I arrived at the Magic: the Gathering floor three hours later. Among the first things I saw was a hanging display case containing an original beta sheet. Those fools are so bad at game balance. I would never have made Black Lotus if I worked here.
I was greeted by a man named Mark, who apparently is the boss or something. (I asked around, but nobody seemed to know exactly what he does). He said I must see how things are done at WotC before they're released to the public. He took me to one of the playtest rooms.
"Izzy, this is one of the playtest rooms. We pay these guys to find the most abusable possible ways to play these cards, and they tell us so we can prevent that abusability. They also make sure every combination is fun and effective to play."

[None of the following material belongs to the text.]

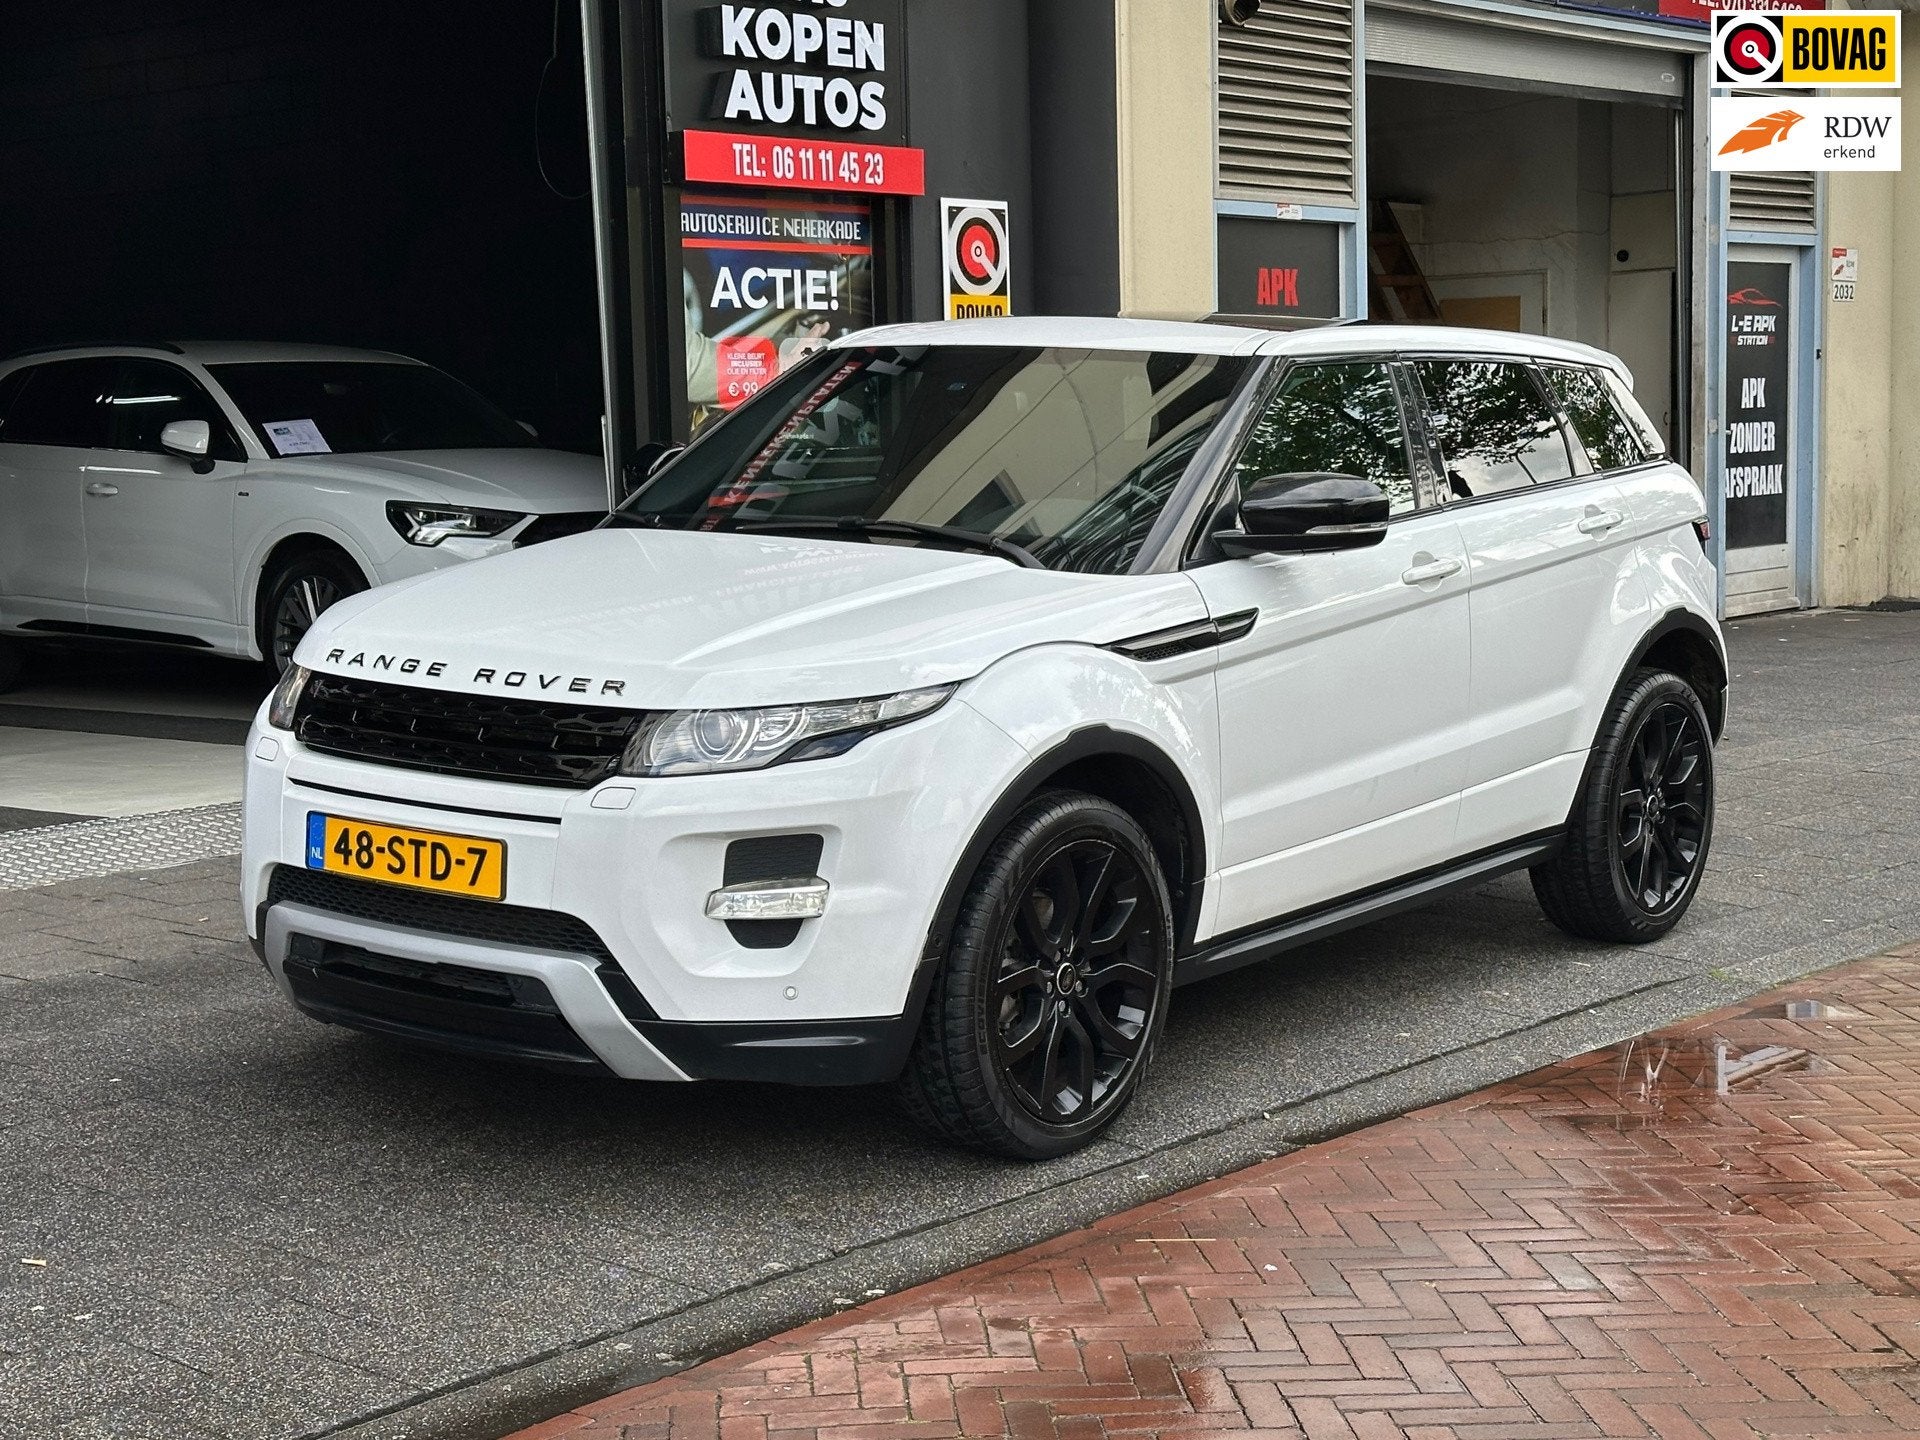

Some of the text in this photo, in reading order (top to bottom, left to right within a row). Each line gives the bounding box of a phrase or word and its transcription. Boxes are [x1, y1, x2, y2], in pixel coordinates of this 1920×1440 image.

I asked "What do you do when you release something to the public that you find to later be too imbalanced?"
"We restrict it to one per deck. Kind of like the Elite Skill idea Arenanet stole from us."
Next, he took me to the meeting room. They were already talking about the specifics of the next set that's coming out. Someone said "Do we really want blue to have a burn spell?" to which someone replied "Probably not, it goes against the color pie."
I asked Mark "What's the color pie?"
"The color pie is what makes each color in MtG different For example, red has the burns, green has big creatures, black has kill power, blue has bounces, and white has all the combat oriented cards. We differentiate each color in order to limit what a player can do with his deck, to make sure he can't have easy access to everything. Also, it gives you a choice of what to play. MtG wouldn't be fun if every color did the same thing. Everyone would play white 'cause dey playa hataz."
"Hmmm, I see. What will you show me now?"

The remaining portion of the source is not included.